Les jeux sont faits
LA TABLE EST INSTALLÉE dans une pièce sale, sans fenêtres et parfumée à l’huile de moteur. L’éclairage portatif, une lampe à LED, donne aux peaux une teinte blafarde. Par-dessus son verre de bière, Alec regarde fixement les cartes qui font de sa main la moins chanceuse qu’il ait jamais eue au tarot guerrier. Lorsqu’il joue un trois de cœur et l’atout du Chariot, l’artilleur qui lui fait face sourit largement. Le soldat pose une combinaison qui lui permet de remporter le pli. Alec vient de perdre près de cent points.

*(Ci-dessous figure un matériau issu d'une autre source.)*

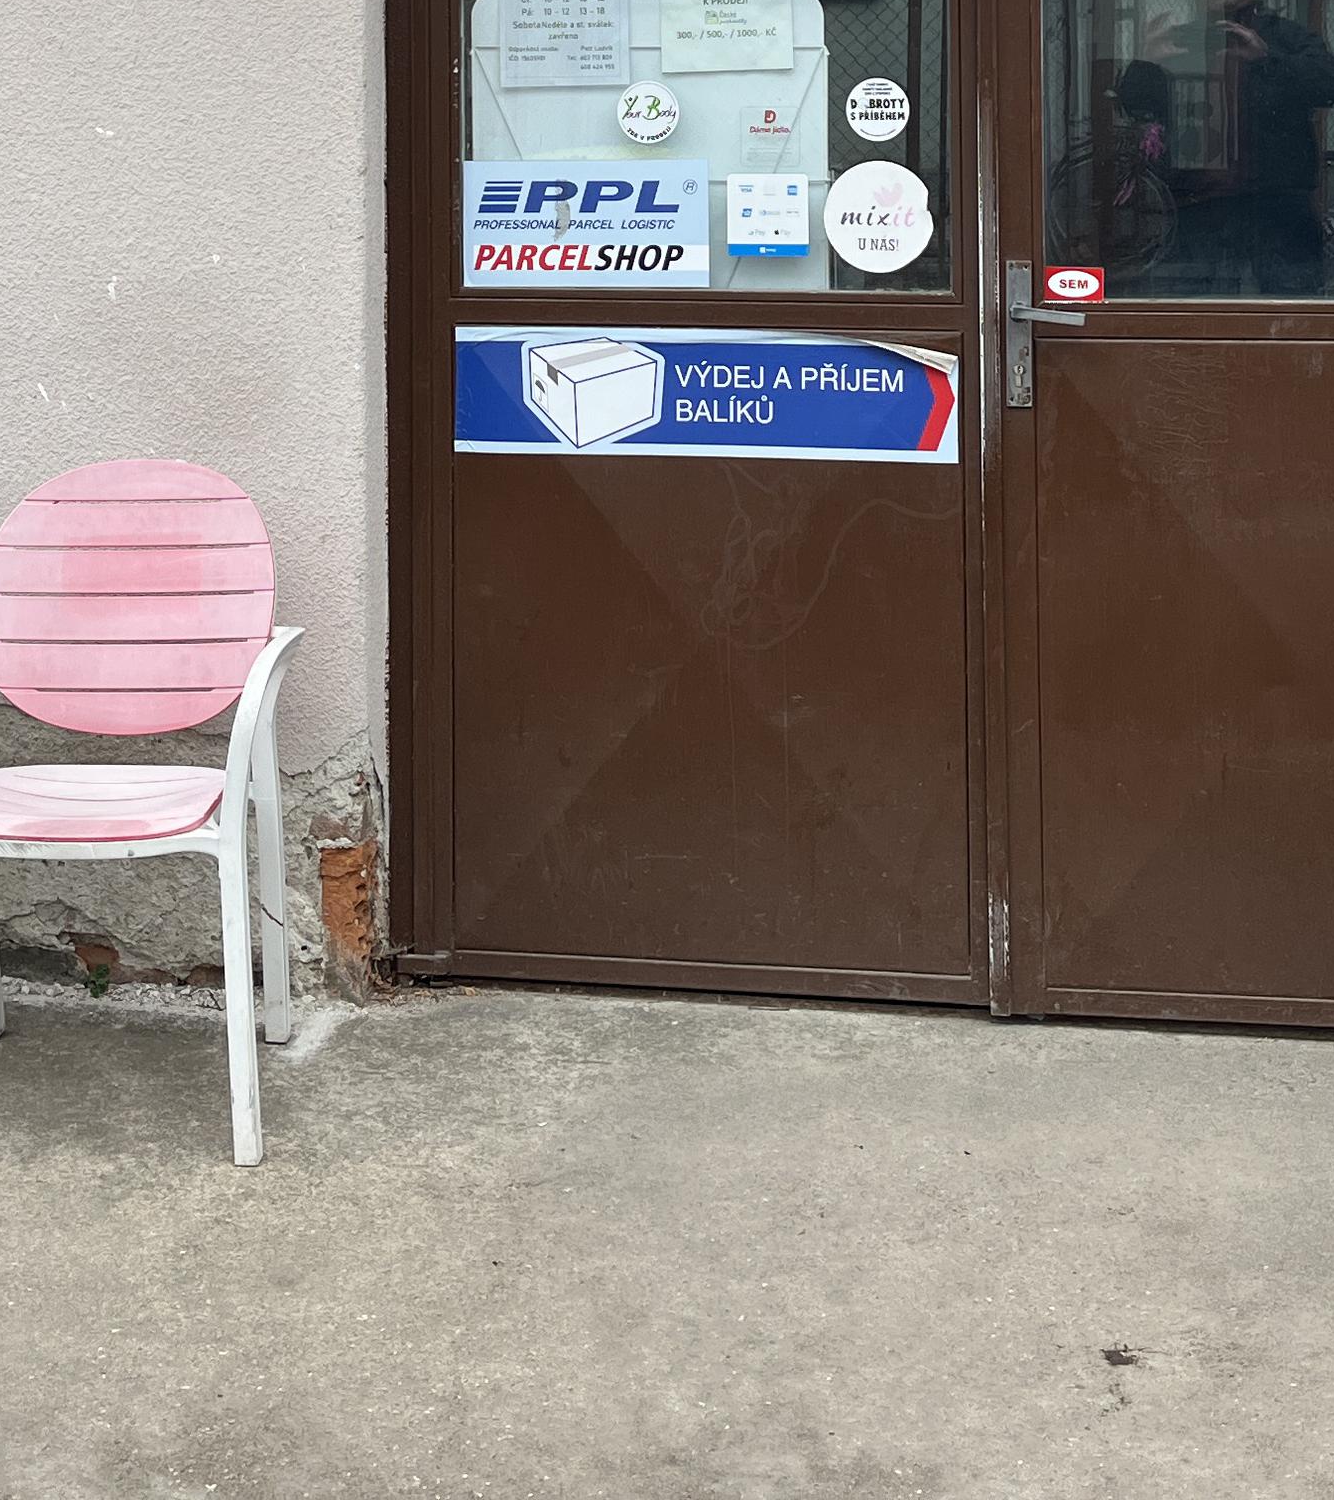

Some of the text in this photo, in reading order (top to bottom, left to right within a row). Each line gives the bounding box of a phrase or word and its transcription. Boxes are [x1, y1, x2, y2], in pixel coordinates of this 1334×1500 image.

[642, 94, 677, 124] Body
[858, 109, 906, 121] PŘÍBĚHEM
[522, 179, 680, 213] PPL
[473, 218, 675, 230] PROFESSIONAL PARCEL LOGISTIC
[839, 205, 916, 227] mixit
[857, 233, 899, 251] U NÁS!
[473, 244, 684, 271] PARCELSHOP
[1059, 279, 1089, 289] SEM
[674, 358, 904, 392] VÝDEJ A PŘÍJEM
[675, 393, 774, 424] BALÍKŮ

À la limite de la caserne, dans ce dépôt désaffecté reconverti en tripot clandestin, on ne joue pas pour occuper son quart, mais pour gagner de l’argent. L’artilleur ricane. C’est une armoire à glace, qui doit avoir le double de l’âge d’Alec, et qui n’a jamais pu monter les échelons parce qu’il collectionne les blâmes pour violences et toutes sortes de trafics. C’est lui l’organisateur de la soirée. Alec le connaît bien, mais ce n’est pas réciproque. Le joueur à sa droite, un militaire à la retraite, maigre comme une balle de sniper, lâche sur le plateau de quoi le mettre à sec.

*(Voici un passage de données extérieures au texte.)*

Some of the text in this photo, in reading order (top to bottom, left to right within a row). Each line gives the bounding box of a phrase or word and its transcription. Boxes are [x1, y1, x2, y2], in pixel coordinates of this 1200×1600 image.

Le tarot guerrier est bien plus compliqué que son cousin le tarot bourgeois. Les figures sont des généraux, les atouts, des manœuvres à combiner et les points, des bataillons. En supplément, il y a les couleurs et dix cartes d’aléas, symbolisant des contraintes liées à la météo, aux terrains et autres péripéties que même un bon tacticien ne peut prévoir à l’avance. Ou presque ! car si le genou d’Alec tremble un peu sous la table, si des gouttes de sueur se forment sur son front pour donner le change, c’est parce qu’il sait précisément ce qui compose le jeu du joueur assis à sa gauche : Beryl, sa sœur, de treize mois sa cadette. Depuis deux ans qu’ils connaissent l’existence de ce tournoi secret, elle et lui ont eu tout le temps de développer un code, fait de demi-sourires, de bruits de gorge, de mouvements imperceptibles des doigts. Dans le plan qu’ils ont mis au point, Alec doit continuer à jouer comme un pied, aidé par sa main déplorable, afin d’assécher celle des deux militaires et de ménager à Beryl une voie royale.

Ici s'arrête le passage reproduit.